*** Supplied data Section Begins ***
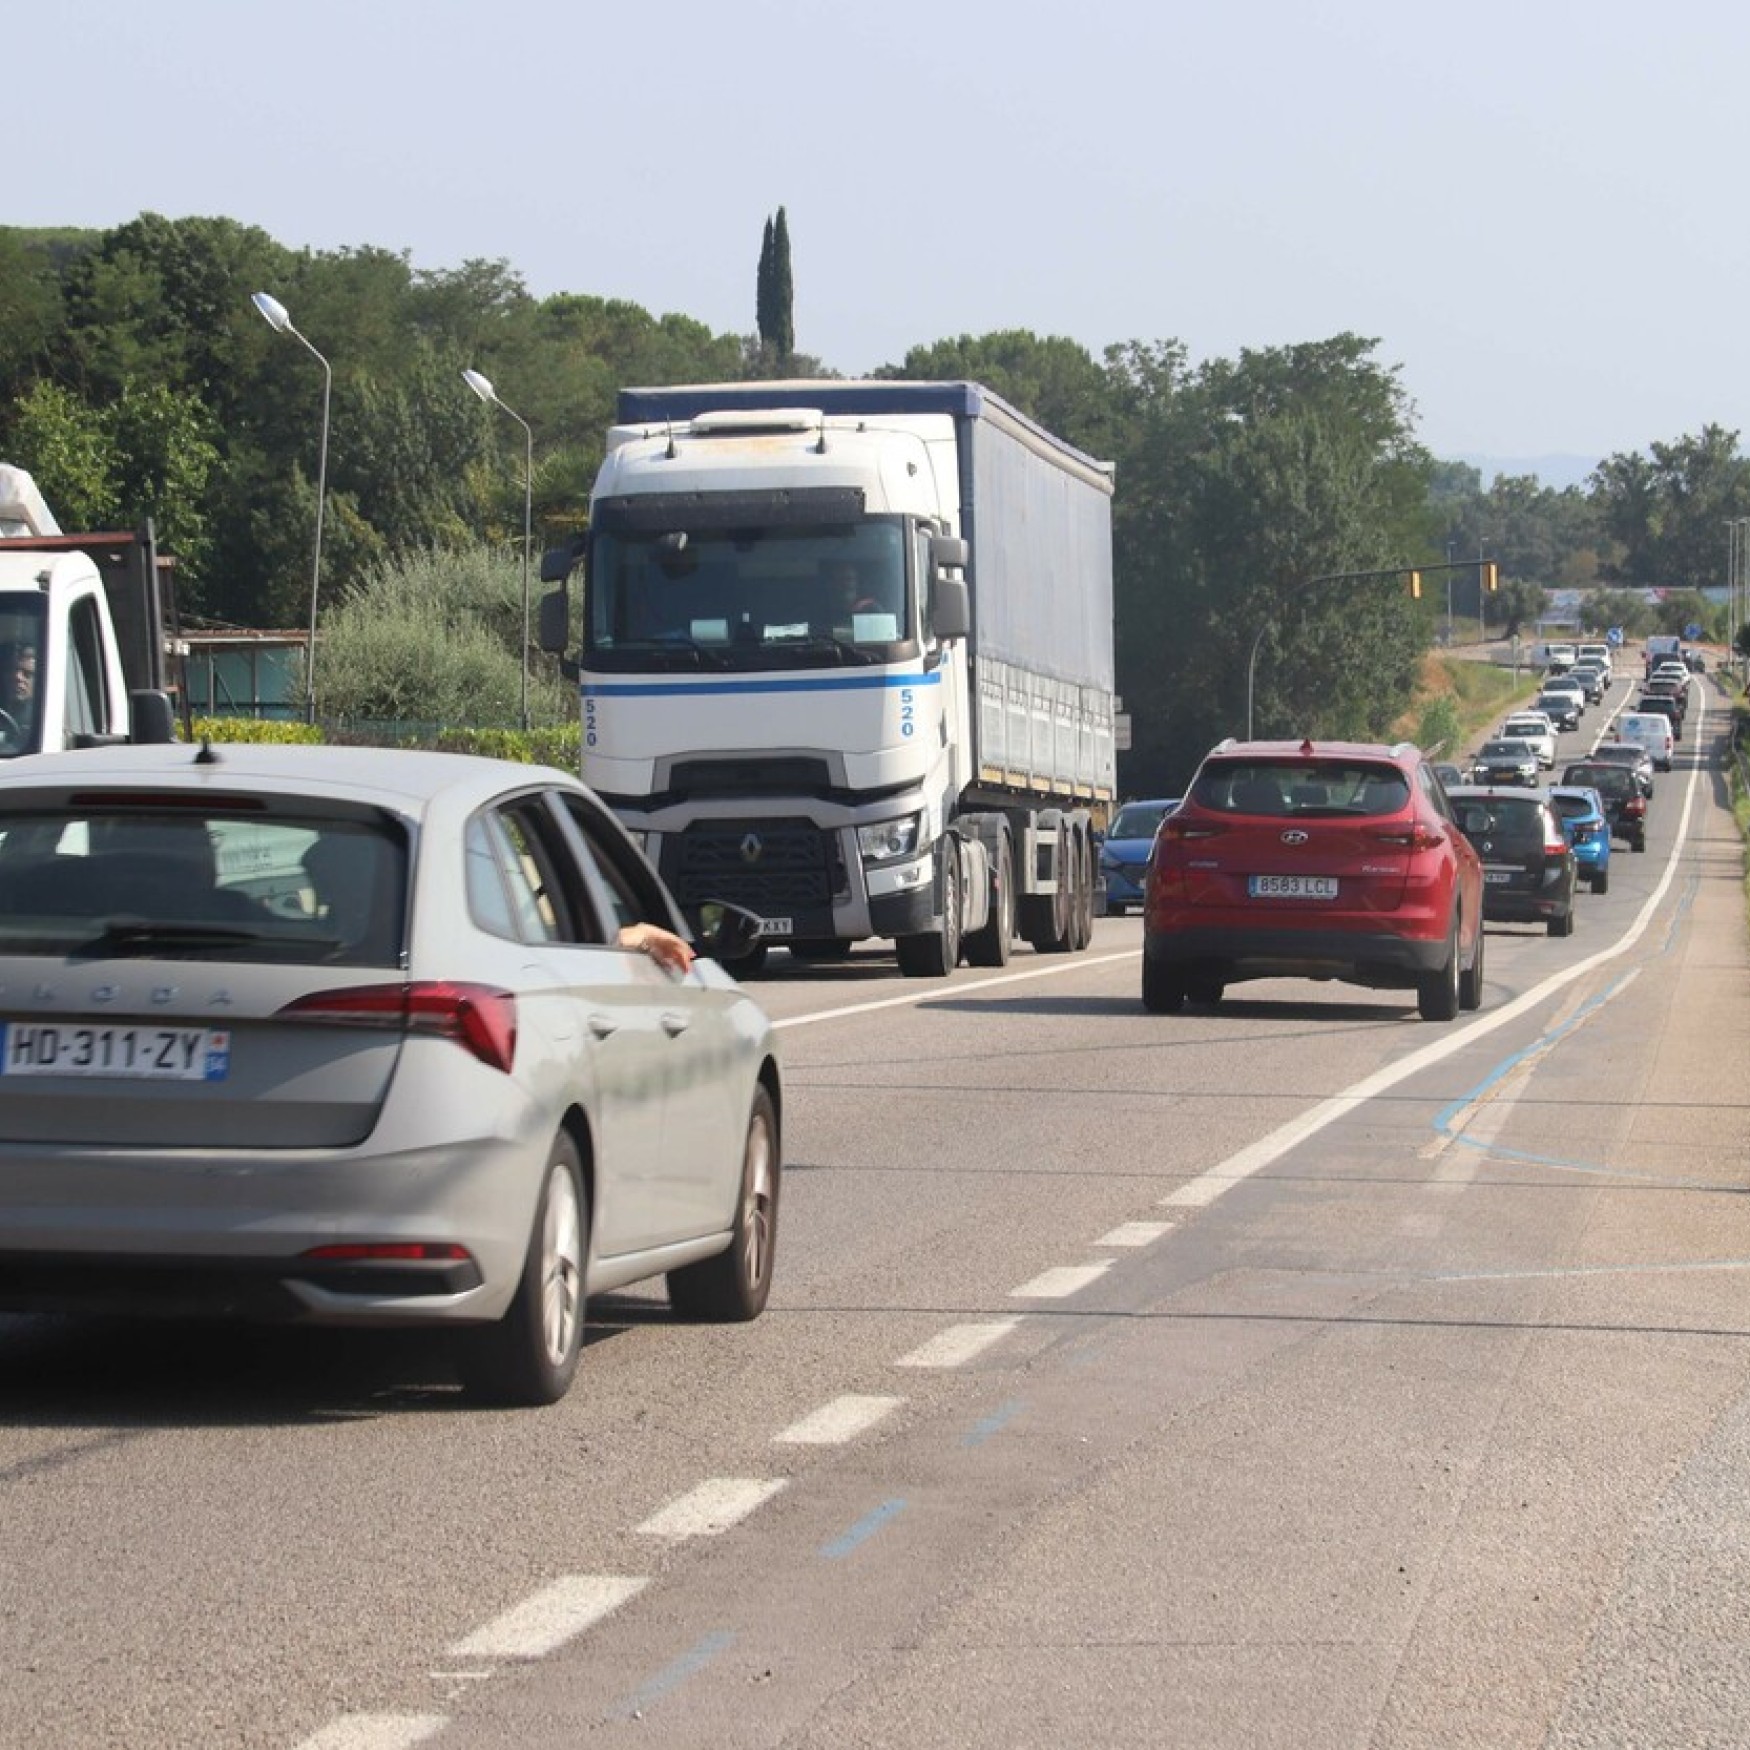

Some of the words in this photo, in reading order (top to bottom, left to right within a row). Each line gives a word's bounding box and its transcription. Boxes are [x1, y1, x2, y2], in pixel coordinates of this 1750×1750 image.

[586, 699, 597, 747] 520
[901, 688, 914, 736] 520
[1260, 877, 1300, 893] 8583
[1305, 879, 1334, 895] LCL
[13, 1028, 200, 1070] HD-311-ZY
*** Supplied data Section Ends ***
Output all of the entries once more, word for word, with the images removed.

Some of the words in this photo, in reading order (top to bottom, left to right within a row). Each line gives a word's bounding box and its transcription. Boxes are [x1, y1, x2, y2], in pixel coordinates of this 1750×1750 image.

[586, 699, 597, 747] 520
[901, 688, 914, 736] 520
[1260, 877, 1300, 893] 8583
[1305, 879, 1334, 895] LCL
[13, 1028, 200, 1070] HD-311-ZY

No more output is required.